*Assignment*
Retype the records below word for word and omit any image.

▶

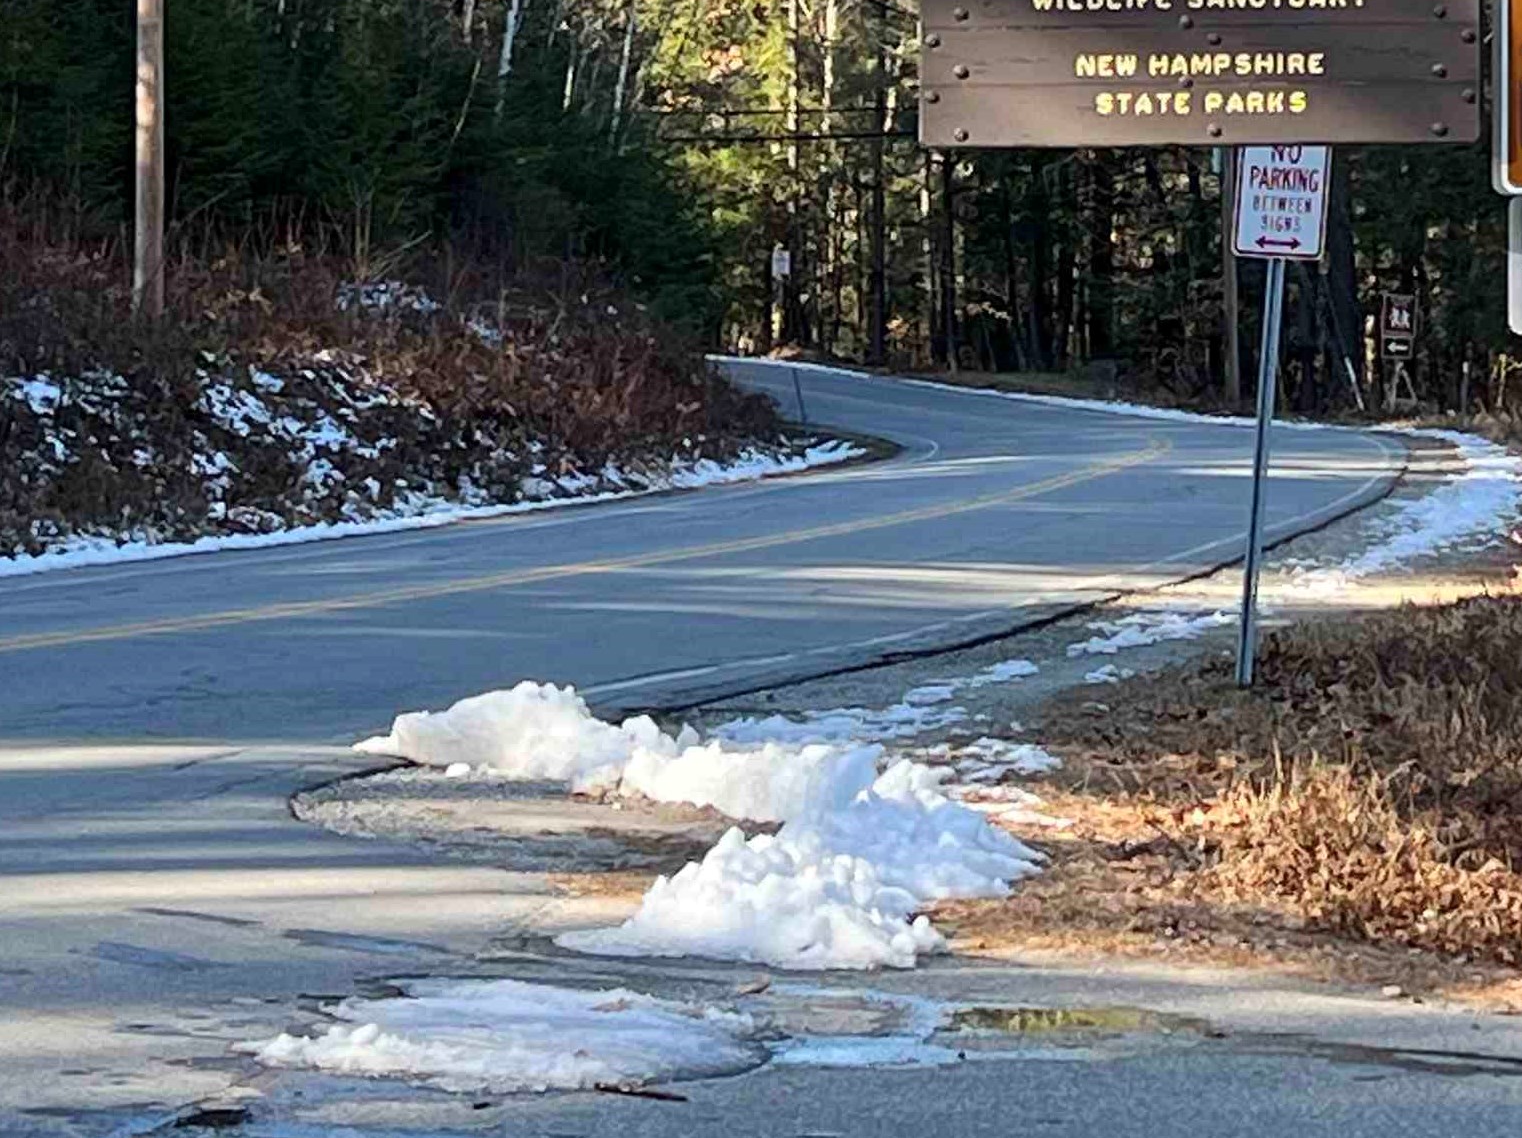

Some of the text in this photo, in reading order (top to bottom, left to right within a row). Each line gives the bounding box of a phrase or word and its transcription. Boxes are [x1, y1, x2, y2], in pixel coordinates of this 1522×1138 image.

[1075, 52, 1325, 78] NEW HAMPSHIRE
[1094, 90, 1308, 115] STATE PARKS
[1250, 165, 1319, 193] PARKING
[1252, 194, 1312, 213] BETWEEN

◀

*Written reply*
Some of the text in this photo, in reading order (top to bottom, left to right within a row). Each line gives the bounding box of a phrase or word and its transcription. Boxes are [x1, y1, x2, y2], in pixel coordinates of this 1522×1138 image.

[1075, 52, 1325, 78] NEW HAMPSHIRE
[1094, 90, 1308, 115] STATE PARKS
[1250, 165, 1319, 193] PARKING
[1252, 194, 1312, 213] BETWEEN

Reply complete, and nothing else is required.